Take the listing below and output it exactly, with no images.

▼▼▼

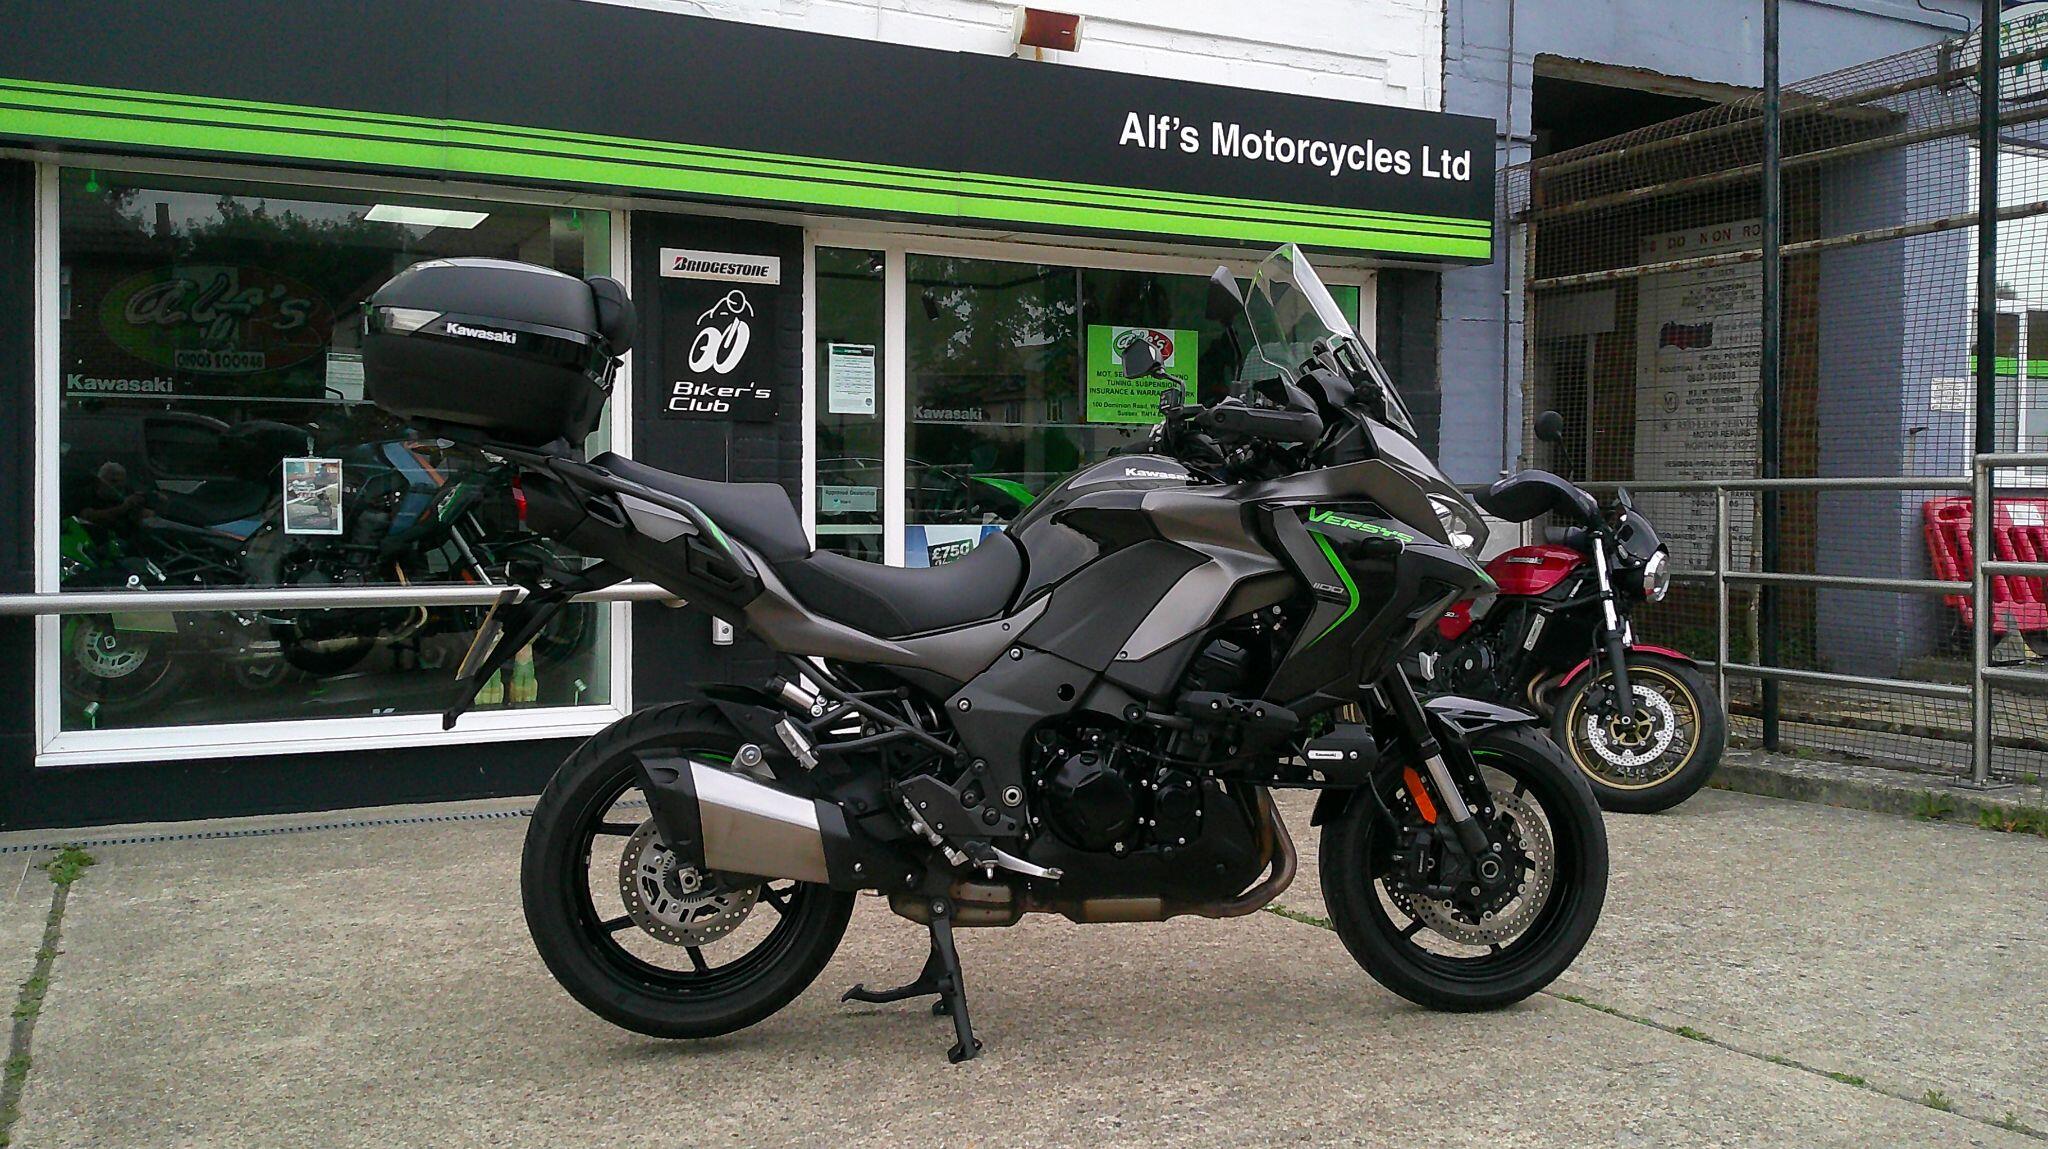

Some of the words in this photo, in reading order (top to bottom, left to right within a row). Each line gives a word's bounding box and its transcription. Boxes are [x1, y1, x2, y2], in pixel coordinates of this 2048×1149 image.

[1119, 111, 1200, 153] Alf's
[1211, 121, 1411, 176] Motorcycles
[1421, 145, 1471, 181] Ltd
[673, 256, 769, 277] BRIDGESTONE
[446, 322, 517, 345] Kawasaki
[67, 373, 174, 392] Kawasaki
[672, 380, 771, 399] Biker's
[1089, 388, 1128, 396] INSURANCE
[668, 397, 730, 412] Club
[913, 404, 983, 421] Kawasaki
[1103, 401, 1131, 409] Dominion
[1125, 468, 1199, 482] Kawasaki
[1309, 507, 1415, 543] VERSYS
[932, 543, 970, 561] £750
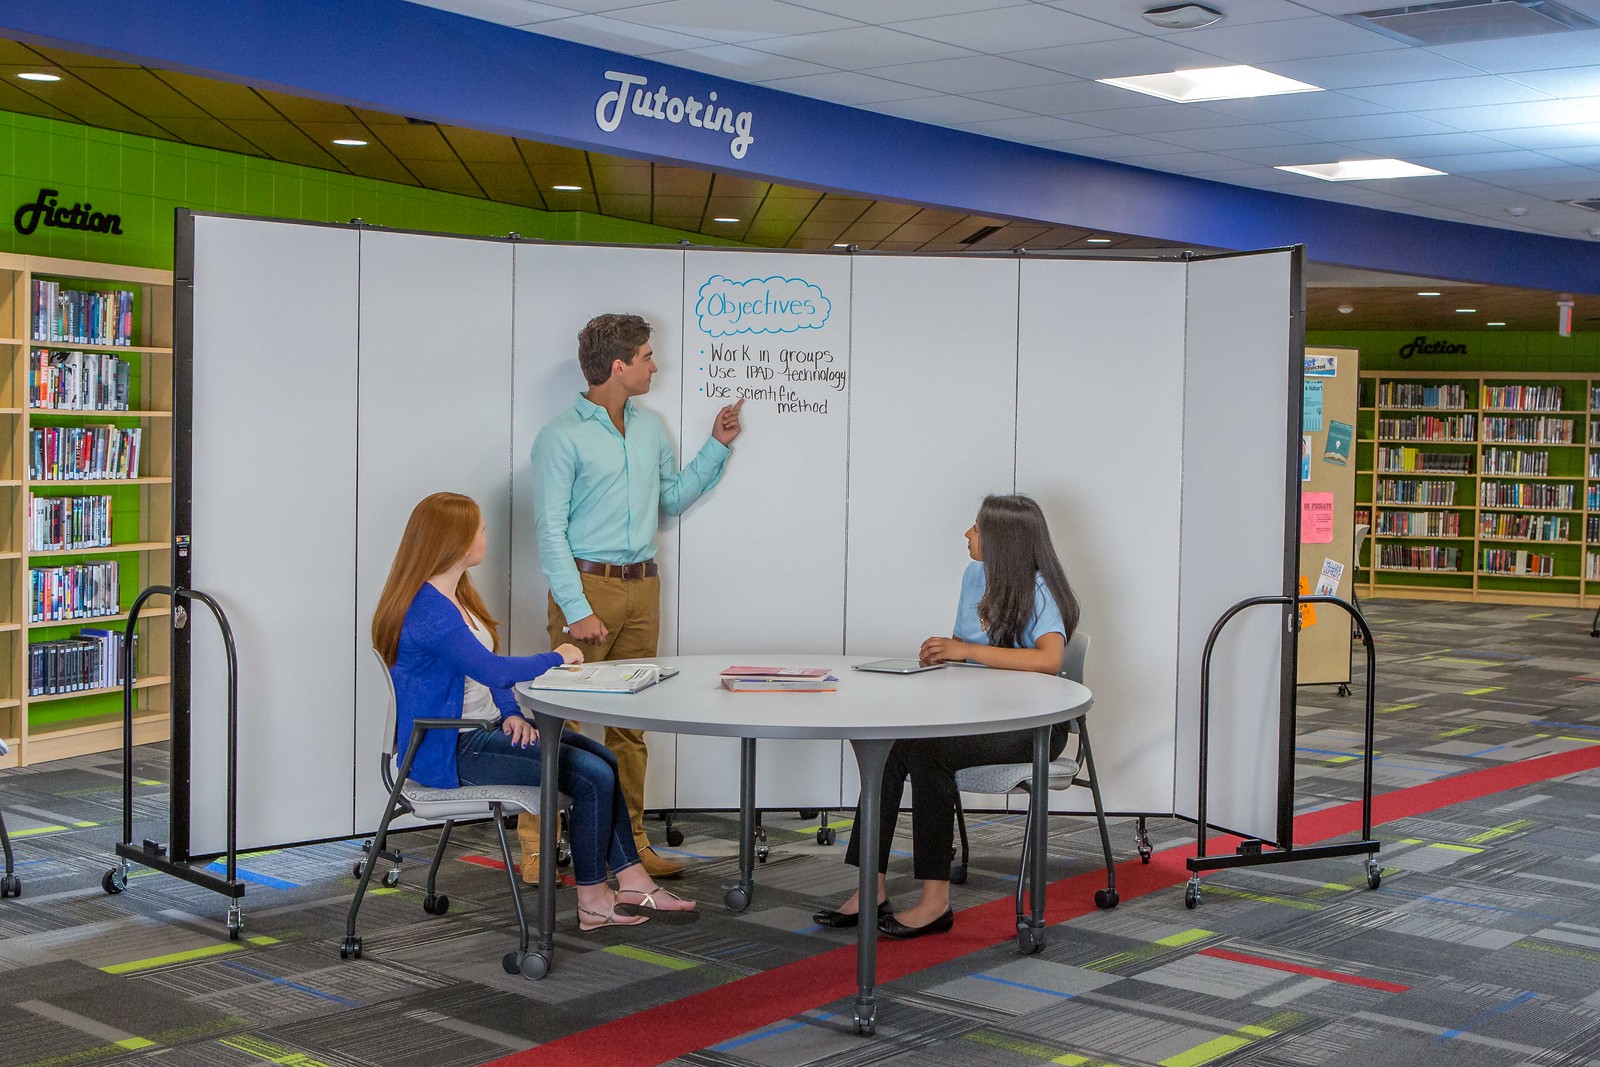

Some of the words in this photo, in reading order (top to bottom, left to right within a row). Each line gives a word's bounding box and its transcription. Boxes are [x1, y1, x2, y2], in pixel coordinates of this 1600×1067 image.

[595, 70, 754, 160] Tutoring
[14, 188, 123, 235] Fiction
[707, 289, 816, 324] Objectives
[711, 343, 751, 362] Work
[759, 347, 770, 363] in
[777, 348, 834, 374] groups
[1399, 335, 1468, 359] Fiction
[705, 382, 731, 399] Use
[736, 385, 799, 402] scientific
[708, 363, 737, 379] Use
[746, 365, 774, 380] IPAD
[785, 367, 846, 392] technology
[777, 399, 828, 414] method

▲▲▲

Result of this task →
Some of the words in this photo, in reading order (top to bottom, left to right within a row). Each line gives a word's bounding box and its transcription. Boxes are [x1, y1, x2, y2], in pixel coordinates of this 2048×1149 image.

[1119, 111, 1200, 153] Alf's
[1211, 121, 1411, 176] Motorcycles
[1421, 145, 1471, 181] Ltd
[673, 256, 769, 277] BRIDGESTONE
[446, 322, 517, 345] Kawasaki
[67, 373, 174, 392] Kawasaki
[672, 380, 771, 399] Biker's
[1089, 388, 1128, 396] INSURANCE
[668, 397, 730, 412] Club
[913, 404, 983, 421] Kawasaki
[1103, 401, 1131, 409] Dominion
[1125, 468, 1199, 482] Kawasaki
[1309, 507, 1415, 543] VERSYS
[932, 543, 970, 561] £750

Some of the words in this photo, in reading order (top to bottom, left to right within a row). Each line gives a word's bounding box and its transcription. Boxes are [x1, y1, x2, y2], in pixel coordinates of this 1600×1067 image.

[595, 70, 754, 160] Tutoring
[14, 188, 123, 235] Fiction
[707, 289, 816, 324] Objectives
[711, 343, 751, 362] Work
[759, 347, 770, 363] in
[777, 348, 834, 374] groups
[1399, 335, 1468, 359] Fiction
[705, 382, 731, 399] Use
[736, 385, 799, 402] scientific
[708, 363, 737, 379] Use
[746, 365, 774, 380] IPAD
[785, 367, 846, 392] technology
[777, 399, 828, 414] method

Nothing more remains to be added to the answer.